L'enquête sur le monde opaque de la finance offshore et des paradis fiscaux menée par le International consortium of investigative journalists (ICIJ) a encore débusqué un compatriote, condamné déjà par la justice algérienne dans une autre affaire. Si depuis avril 2016, date des premières révélations de la presse internationale, le monde a pris conscience de l'étendue de l'évasion fiscale, des pays ont adopté de nouvelles dispositions relatives à ce phénomène, à l'image de Taïwan, alors que la Nouvelle-Zélande a annoncé une nouvelle législation.

En Mongolie, et suite aux révélations des «Panama papers» indiquant que d'anciens et actuels représentants de l'Etat détenaient des sociétés extraterritoriales, le Parlement avait discuté un projet de loi permettant d'éventuelles poursuites pénales des responsables politiques et fonctionnaires qui ne déclarent pas leurs intérêts financiers à l'étranger. Son homologue panaméen a adopté, quant à lui, des lois pour durcir les obligations comptables des sociétés extraterritoriales et autoriser le pays à partager des informations fiscales avec d'autres Etats. Même chose pour le Liban afin d'éviter son inscription sur une liste noire internationale dans le monde post-«Panama papers».

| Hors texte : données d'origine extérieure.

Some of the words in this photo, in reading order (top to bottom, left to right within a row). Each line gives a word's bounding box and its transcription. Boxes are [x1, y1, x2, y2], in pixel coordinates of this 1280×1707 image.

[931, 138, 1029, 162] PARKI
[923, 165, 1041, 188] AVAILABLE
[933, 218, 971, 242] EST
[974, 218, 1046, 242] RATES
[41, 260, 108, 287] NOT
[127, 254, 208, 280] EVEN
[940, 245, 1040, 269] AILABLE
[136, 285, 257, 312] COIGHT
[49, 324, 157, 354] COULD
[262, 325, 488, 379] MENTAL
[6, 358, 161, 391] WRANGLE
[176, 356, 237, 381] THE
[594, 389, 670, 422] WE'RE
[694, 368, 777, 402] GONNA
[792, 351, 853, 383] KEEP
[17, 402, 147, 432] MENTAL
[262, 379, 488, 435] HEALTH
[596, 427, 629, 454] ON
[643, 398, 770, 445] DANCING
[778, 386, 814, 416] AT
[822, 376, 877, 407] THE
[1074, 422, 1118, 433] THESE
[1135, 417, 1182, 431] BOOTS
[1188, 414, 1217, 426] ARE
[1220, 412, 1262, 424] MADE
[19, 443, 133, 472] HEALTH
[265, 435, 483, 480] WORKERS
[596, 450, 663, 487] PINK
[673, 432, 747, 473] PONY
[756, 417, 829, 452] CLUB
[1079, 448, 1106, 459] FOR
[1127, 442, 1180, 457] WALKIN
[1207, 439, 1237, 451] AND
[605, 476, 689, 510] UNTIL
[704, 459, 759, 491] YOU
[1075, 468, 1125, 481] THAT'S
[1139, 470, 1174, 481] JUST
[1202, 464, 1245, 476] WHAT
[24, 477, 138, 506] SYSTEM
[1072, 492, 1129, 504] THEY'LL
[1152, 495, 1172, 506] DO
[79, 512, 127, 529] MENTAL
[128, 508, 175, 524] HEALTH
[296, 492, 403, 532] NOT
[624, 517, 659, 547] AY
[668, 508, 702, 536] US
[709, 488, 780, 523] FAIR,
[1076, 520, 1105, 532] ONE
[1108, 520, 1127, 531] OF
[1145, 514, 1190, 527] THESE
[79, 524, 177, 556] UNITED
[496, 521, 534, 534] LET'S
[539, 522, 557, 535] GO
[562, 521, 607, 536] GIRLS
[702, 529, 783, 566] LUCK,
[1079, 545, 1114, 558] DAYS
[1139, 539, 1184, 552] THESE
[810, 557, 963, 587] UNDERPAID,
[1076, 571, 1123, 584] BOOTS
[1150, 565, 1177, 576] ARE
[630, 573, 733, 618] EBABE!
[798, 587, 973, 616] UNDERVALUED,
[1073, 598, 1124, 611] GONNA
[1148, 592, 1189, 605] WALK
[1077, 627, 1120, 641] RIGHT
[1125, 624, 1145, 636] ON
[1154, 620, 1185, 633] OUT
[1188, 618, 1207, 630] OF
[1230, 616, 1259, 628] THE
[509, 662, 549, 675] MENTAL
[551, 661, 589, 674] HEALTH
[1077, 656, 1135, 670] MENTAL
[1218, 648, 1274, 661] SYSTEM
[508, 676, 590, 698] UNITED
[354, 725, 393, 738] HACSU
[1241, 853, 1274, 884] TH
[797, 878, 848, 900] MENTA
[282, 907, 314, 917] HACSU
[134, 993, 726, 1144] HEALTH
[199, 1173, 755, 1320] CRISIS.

Le ministre des Finances irlandais a cité l'enquête en proposant un nouveau projet de loi pénale pour lutter contre l'évasion fiscale. Son homologue allemand a présenté, lui, un projet de loi qui durcirait les sanctions contre l'évasion fiscale et imposerait la déclaration des relations d'affaires de citoyens allemands avec des sociétés-écrans. De par le monde, des milliers de contribuables ont été visés par des enquêtes et l'ICIJ de citer plus de 6.500 particuliers et entreprises concernés. Entre démissions et désintérêt a été la réaction des hauts responsables mis en cause dans ces révélations. Si Poutine les a qualifiées d'«attaque aux fausses informations» contre la Russie, le Premier ministre islandais, Sigmundur Davíð Gunnlaugsson, a été forcé à démissionner, en moins de 48 heures, par les foules en colère et la pression politique.

José Manuel Soria, le ministre espagnol de l'Industrie, de l'Energie et du Tourisme, a tenu cinq jours avant de quitter son poste à son tour. Mihran Poghosyan, haut responsable arménien chargé de la justice et de l'application des lois, a démissionné après avoir rejeté dans un premier temps les révélations selon lesquelles il détenait des parts de trois sociétés créées par Mossack Fonseca. D'autres dirigeants de société ont fait de même.

En Algérie, aucune réaction ni début d'enquête encore moins d'auto-saisine de la justice. Rien, si ce n'est la plainte du président de la République contre Le Monde qui avait illustré son papier sur notre ministre de l'Industrie, cité dans le scandale, par la photo de Bouteflika. Un silence incompréhensible du département de la Justice devant la publication d'autres noms et des détails sur leurs comptes offshore ont poussé les Algériens à se désintéresser de l'histoire. Le pays a fait comme s'il n'était pas concerné par ces affaires alors que la lutte contre la fraude fiscale figure parmi les priorités nationales. A ne rien comprendre !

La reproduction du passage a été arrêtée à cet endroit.